Algo así come el rey de Tailandia todos los días

La semana pasada los japoneses hicieron de las suyas durante el Osaka festival.

Kimonos y que'monas

(Por cierto, recién se publicó en The Age, uno de los principales diarios de Australia, que una “Melburnian” fue aceptada en el mundo de las geishas, al cual sólo podían acceder las japonesas.)

Y los chinos no se quedan atrás.

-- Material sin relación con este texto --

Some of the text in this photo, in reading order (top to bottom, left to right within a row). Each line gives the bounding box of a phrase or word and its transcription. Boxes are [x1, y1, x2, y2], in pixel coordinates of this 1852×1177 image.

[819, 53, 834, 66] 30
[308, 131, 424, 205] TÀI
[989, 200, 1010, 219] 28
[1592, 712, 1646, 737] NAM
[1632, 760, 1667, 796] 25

Justo el mes pasado celebraron el año de la rata e invadieron la ciudad con sus dragones, su dinamita y por supuesto su comida, que a decir verdad cada vez me resulta más familiar.
El barrio chino está apenas a una calle de mi departamento.


La dinamita de los chinos se escuchó por tres días seguidos


Los dragones se apropiaron de las calles todo el día

Y a pesar de que muchos de los australianos son una mezcla de varias culturas, también tienen su corazoncito patriotero que sale de paseo durante el Australia’s day. (Estas fotitos se las debo, porque, por si no fuera suficiente con no tener Internet, la burra de la Sylvana borró por error varias fotos).

Por acá sigo pues…

Mientras les regalo esta vista de la ciudad de Melbourne. (Yo la tomé con mi pequeña camarita)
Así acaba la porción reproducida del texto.